O ministro dos Negócios Estrangeiros da Polónia, Radoslaw Sikorski, garantiu esta quinta-feira, à margem da cimeira da NATO, que existem já “vários milhares” de voluntários que se alistaram para lutar na chamada Legião Ucraniana, composta por cidadãos ucranianos que residem na Polónia.
“Estamos a começar a primeira brigada de voluntários ucranianos. Na Polónia, temos até um milhão de ucranianos de ambos os sexos e vários milhares deles já se registaram para participar neste projeto”, explicou.
A chamada Legião Ucraniana faz parte do acordo de segurança ratificado no início desta semana pelo primeiro-ministro polaco, Donald Tusk, e por Volodymyr Zelensky durante a recente visita a Varsóvia.
A Polónia fica encarregue de formar estes voluntários antes de os enviar para a linha da frente, de onde regressarão à Polónia assim que terminar o seu trabalho, frisou Sikorski, que incentivou os restantes países europeus a lançarem esta iniciativa para reforçar as fileiras da Ucrânia numa altura de escassez de tropas.

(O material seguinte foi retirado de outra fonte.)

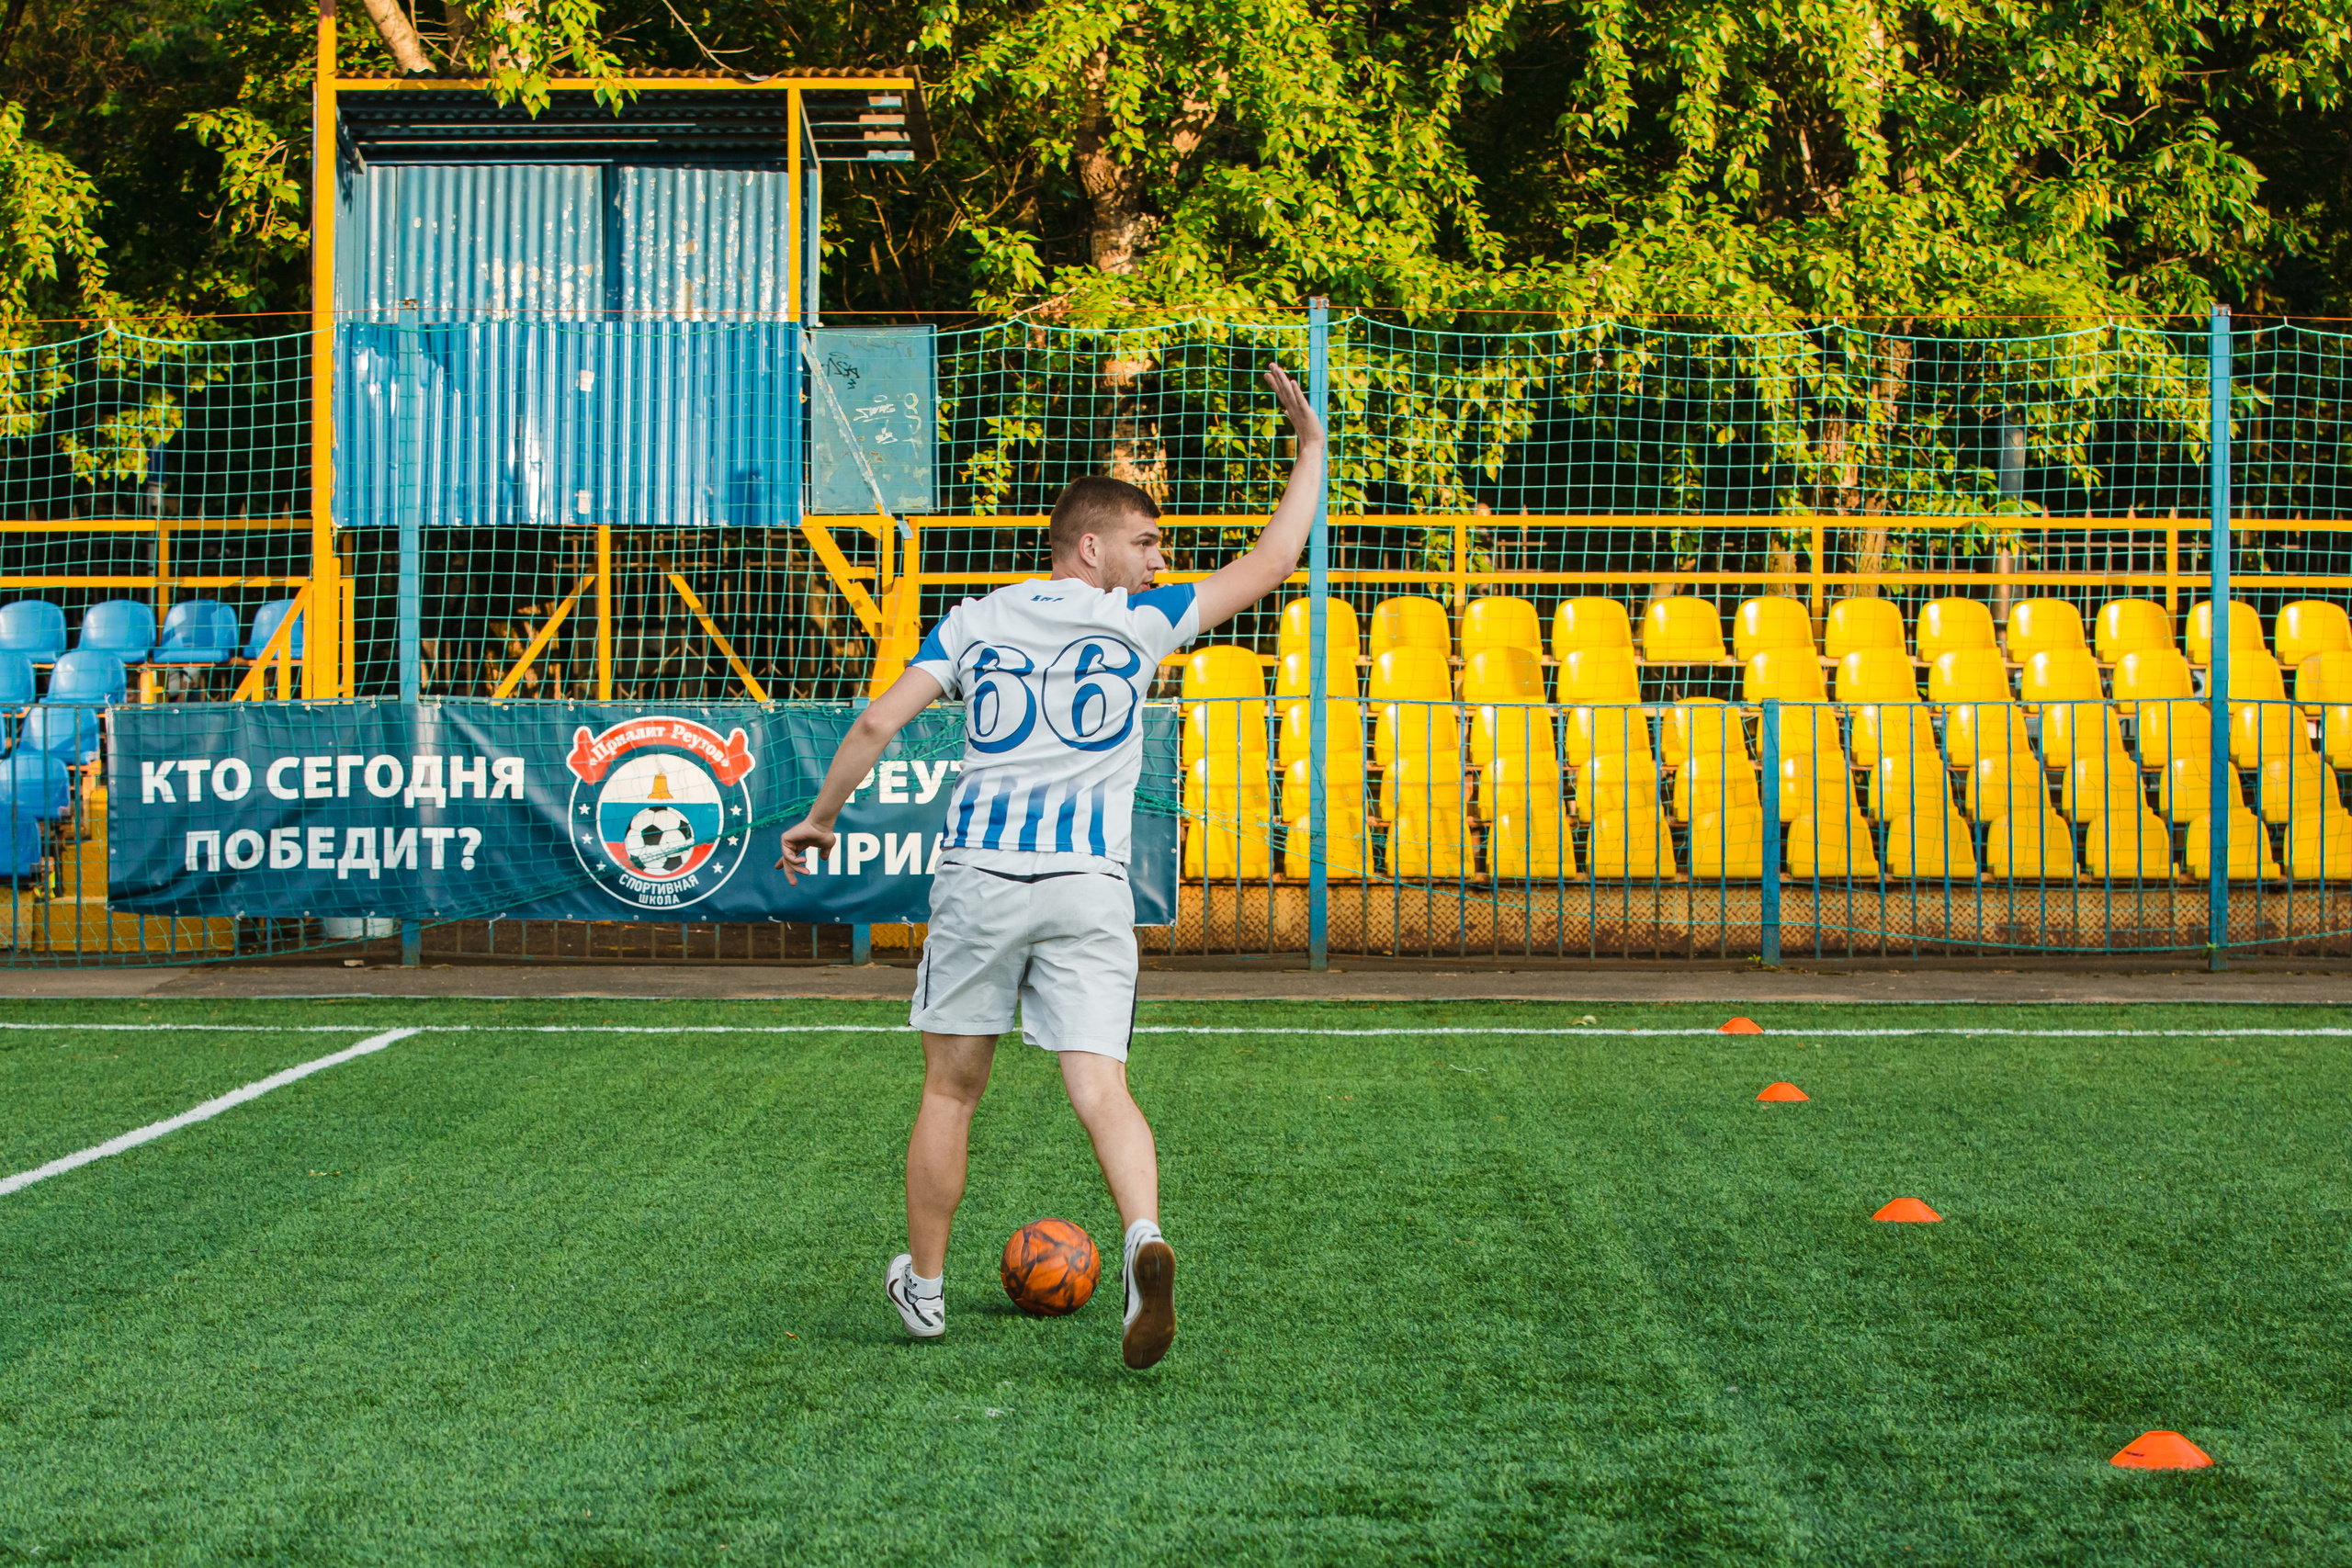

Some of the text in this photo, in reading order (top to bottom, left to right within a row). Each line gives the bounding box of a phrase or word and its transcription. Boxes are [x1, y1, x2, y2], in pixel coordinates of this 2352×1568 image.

De acordo com o responsável, há interesse dentro da comunidade ucraniana residente na Polónia em poder ajudar na frente, “embora não queiram ser enviados para lutar sem formação e equipamentos adequados”.
Também o ministro da Defesa da Ucrânia, Rustem Umerov, apelou aos restantes ucranianos que vivem na Europa a aderirem à iniciativa. “A sua contribuição para a nossa luta pela liberdade e independência é incalculável. Cada passo aproxima-nos da vitória”, garantiu.